Philos Trans R Soc Lond B Biol Sci. 2010 Dec 12;365(1559):3829-43. doi: 10.1098/rstb.2010.0099.
Linguists have traditionally represented patterns of divergence within a language family in terms of either a 'splits' model, corresponding to a branching family tree structure, or the wave model, resulting in a (dialect) continuum. Recent phylogenetic analyses, however, have tended to assume the former as a viable idealization also for the latter. But the contrast matters, for it typically reflects different processes in the real world: speaker populations either separated by migrations, or expanding over continuous territory. Since history often leaves a complex of both patterns within the same language family, ideally we need a single model to capture both, and tease apart the respective contributions of each. The 'network' type of phylogenetic method offers this, so we review recent applications to language data. Most have used lexical data, encoded as binary or multi-state characters. We look instead at continuous distance measures of divergence in phonetics. Our output networks combine branch- and continuum-like signals in ways that correspond well to known histories (illustrated for Germanic, and particularly English). We thus challenge the traditional insistence on shared innovations, setting out a new, principled explanation for why complex language histories can emerge correctly from distance measures, despite shared retentions and parallel innovations.

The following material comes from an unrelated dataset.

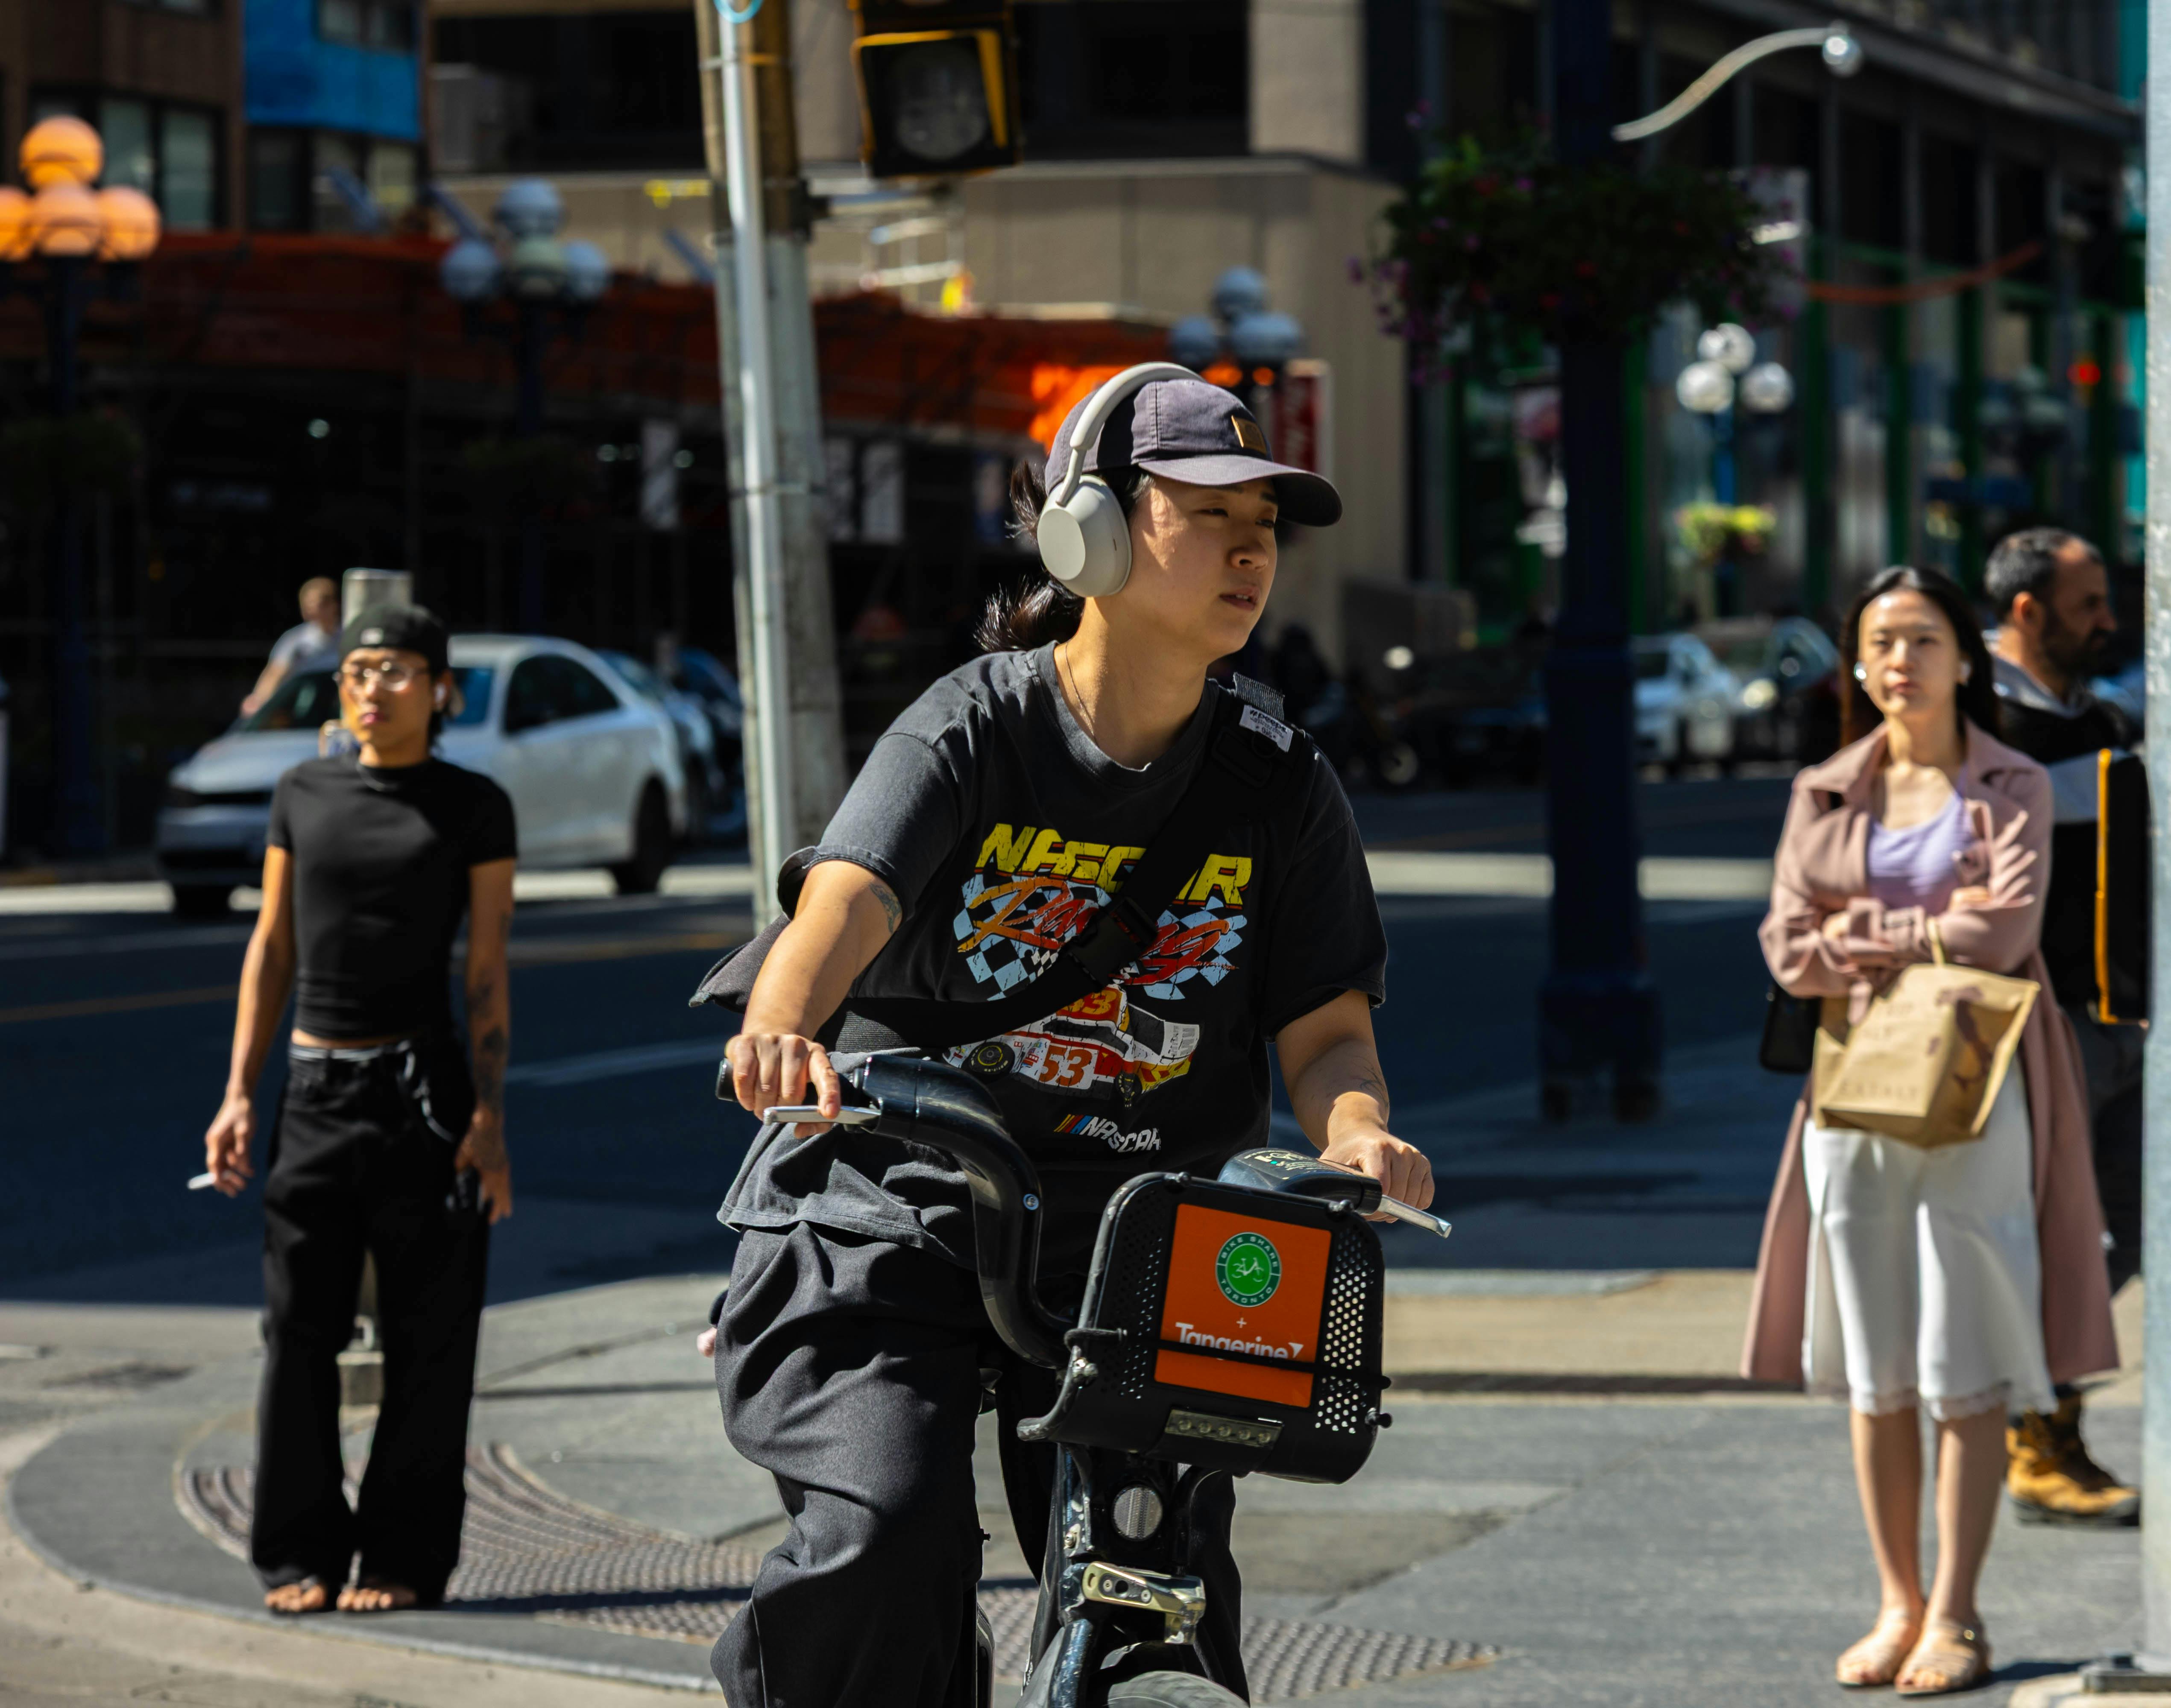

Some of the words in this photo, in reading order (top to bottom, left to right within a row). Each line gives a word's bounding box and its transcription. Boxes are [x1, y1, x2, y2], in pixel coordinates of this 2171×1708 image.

语言学家传统上用“分支”模型或波浪模型来表示语言家族内部的差异模式,前者对应于分支家族树结构,后者则产生(方言)连续统。然而,最近的系统发育分析倾向于假设前者也是后者的可行理想化。但这种对比很重要,因为它通常反映了现实世界中的不同过程:说话人群要么因迁移而分离,要么在连续的地域上扩张。由于历史往往在同一语言家族中留下了两种模式的复杂混合,因此理想情况下,我们需要一个单一的模型来同时捕捉这两种模式,并梳理出它们各自的贡献。“网络”类型的系统发育方法提供了这种可能性,因此我们回顾了最近应用于语言数据的方法。大多数方法都使用词汇数据,这些数据被编码为二进制或多状态字符。相反,我们研究语音中差异的连续距离度量。我们的输出网络以与已知历史相吻合的方式组合了分支和连续信号(以日耳曼语,特别是英语为例进行了说明)。因此,我们挑战了传统上对共享创新的坚持,提出了一个新的、有原则的解释,说明为什么复杂的语言历史可以从距离度量中正确地出现,尽管存在共享的保留和并行创新。